*WHAT YOU NEED TO DO*: When you print the records below, keep every word exact and leave out the images.

*DATA IN THIS EXERCISE*:

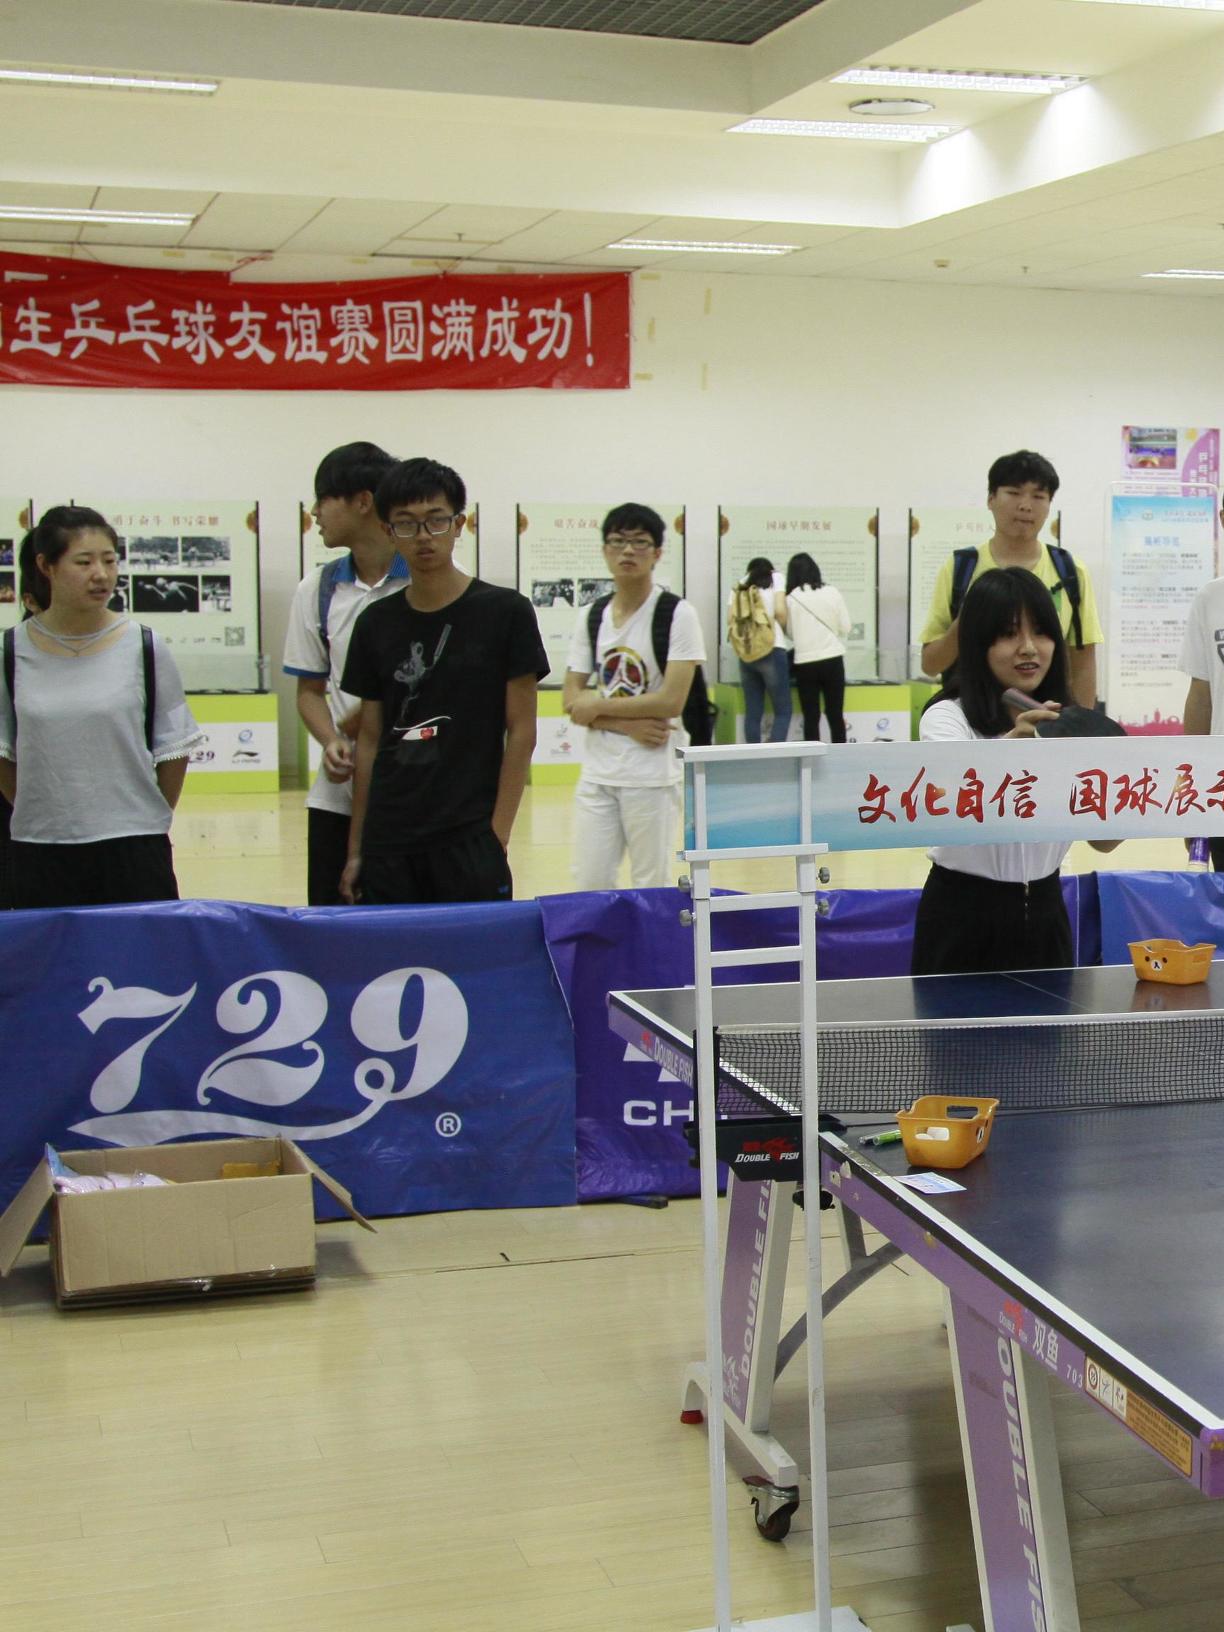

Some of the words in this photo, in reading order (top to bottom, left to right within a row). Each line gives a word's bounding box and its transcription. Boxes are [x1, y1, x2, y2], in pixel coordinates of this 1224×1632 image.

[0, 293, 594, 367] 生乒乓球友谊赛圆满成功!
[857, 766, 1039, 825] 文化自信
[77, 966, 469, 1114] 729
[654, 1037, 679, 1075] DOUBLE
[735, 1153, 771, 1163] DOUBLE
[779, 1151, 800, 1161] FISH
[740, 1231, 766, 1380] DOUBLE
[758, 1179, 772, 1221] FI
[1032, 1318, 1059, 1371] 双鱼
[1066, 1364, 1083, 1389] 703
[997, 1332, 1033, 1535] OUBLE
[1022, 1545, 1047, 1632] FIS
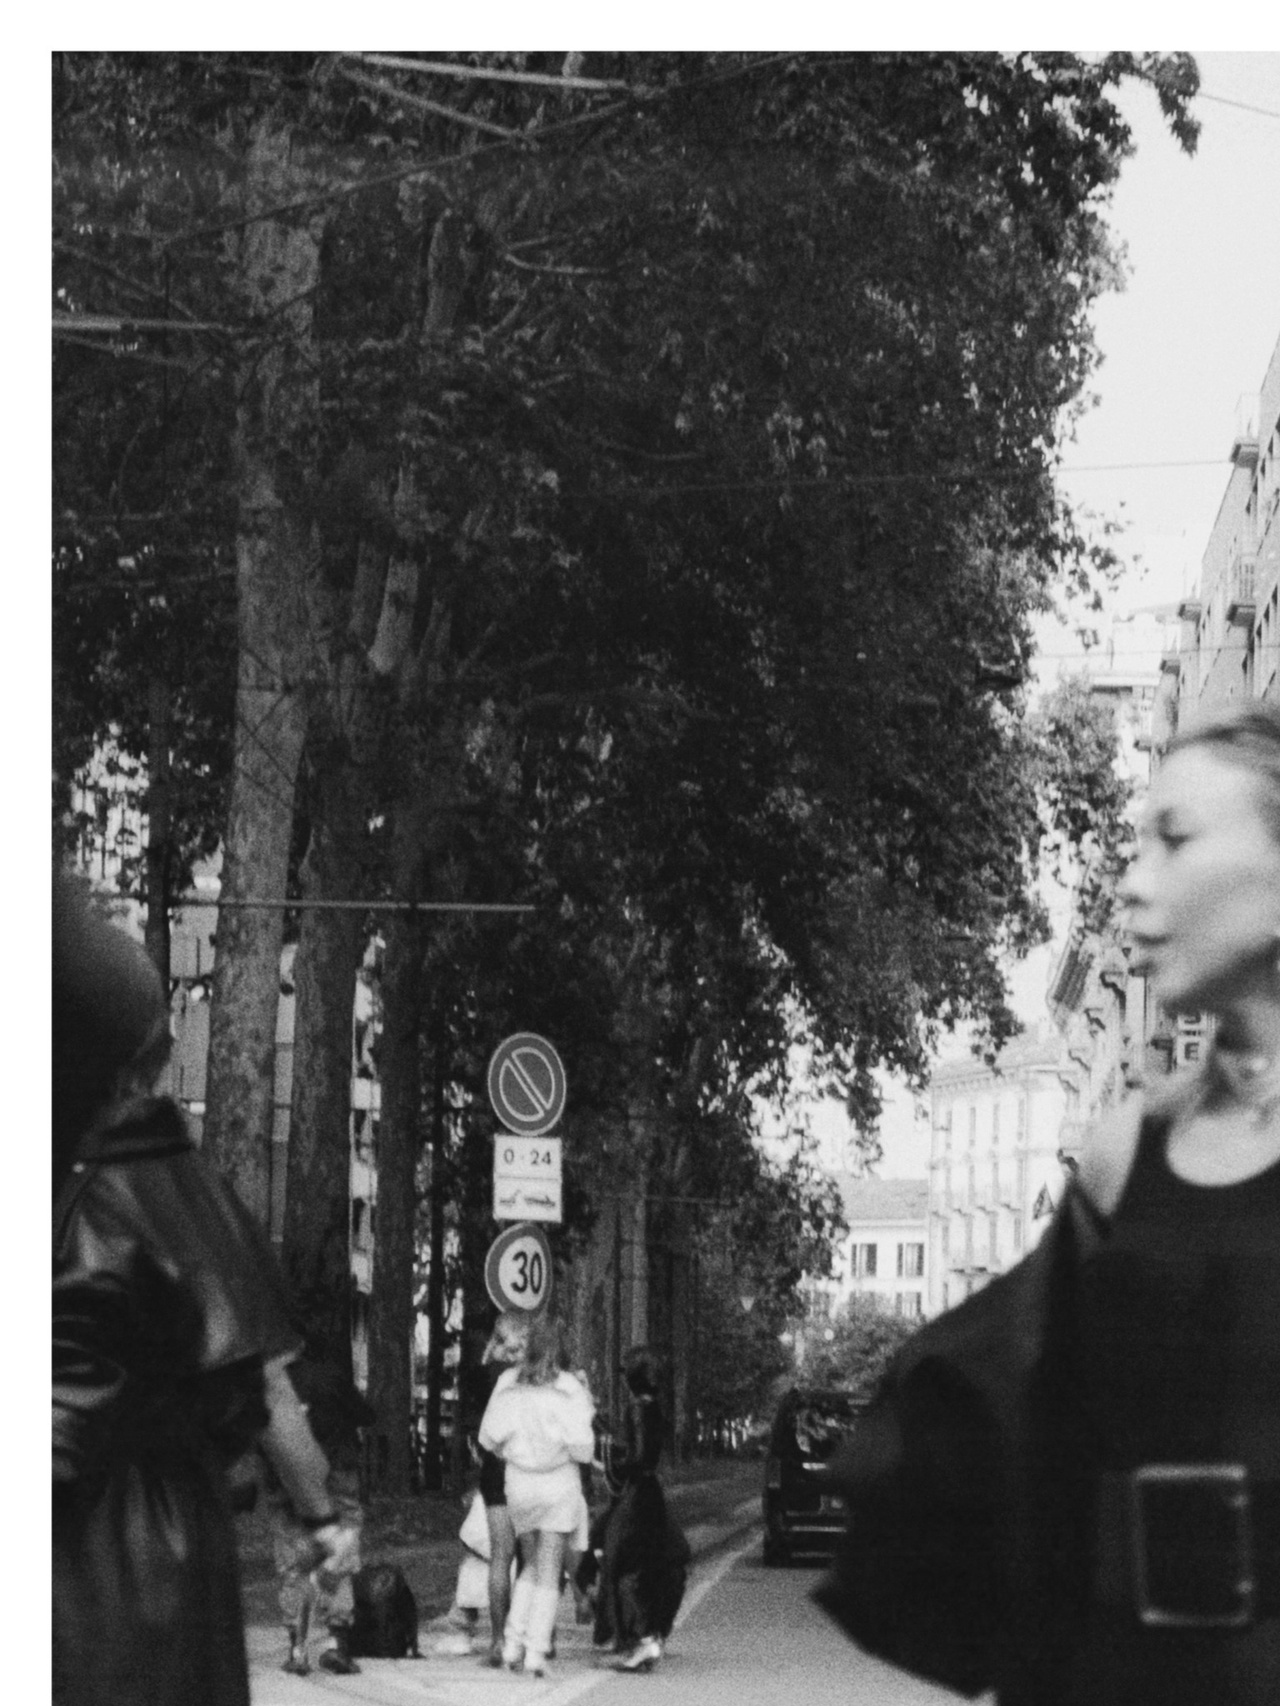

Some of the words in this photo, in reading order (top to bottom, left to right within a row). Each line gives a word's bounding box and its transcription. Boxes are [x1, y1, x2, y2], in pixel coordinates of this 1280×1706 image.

*RESULT OF THE EXERCISE*:
Some of the words in this photo, in reading order (top to bottom, left to right within a row). Each line gives a word's bounding box and its transcription. Boxes are [x1, y1, x2, y2], in pixel coordinates of this 1224×1632 image.

[0, 293, 594, 367] 生乒乓球友谊赛圆满成功!
[857, 766, 1039, 825] 文化自信
[77, 966, 469, 1114] 729
[654, 1037, 679, 1075] DOUBLE
[735, 1153, 771, 1163] DOUBLE
[779, 1151, 800, 1161] FISH
[740, 1231, 766, 1380] DOUBLE
[758, 1179, 772, 1221] FI
[1032, 1318, 1059, 1371] 双鱼
[1066, 1364, 1083, 1389] 703
[997, 1332, 1033, 1535] OUBLE
[1022, 1545, 1047, 1632] FIS

Some of the words in this photo, in reading order (top to bottom, left to right within a row). Each line gives a word's bounding box and its transcription. Boxes are [x1, y1, x2, y2], in pixel coordinates of this 1280×1706 image.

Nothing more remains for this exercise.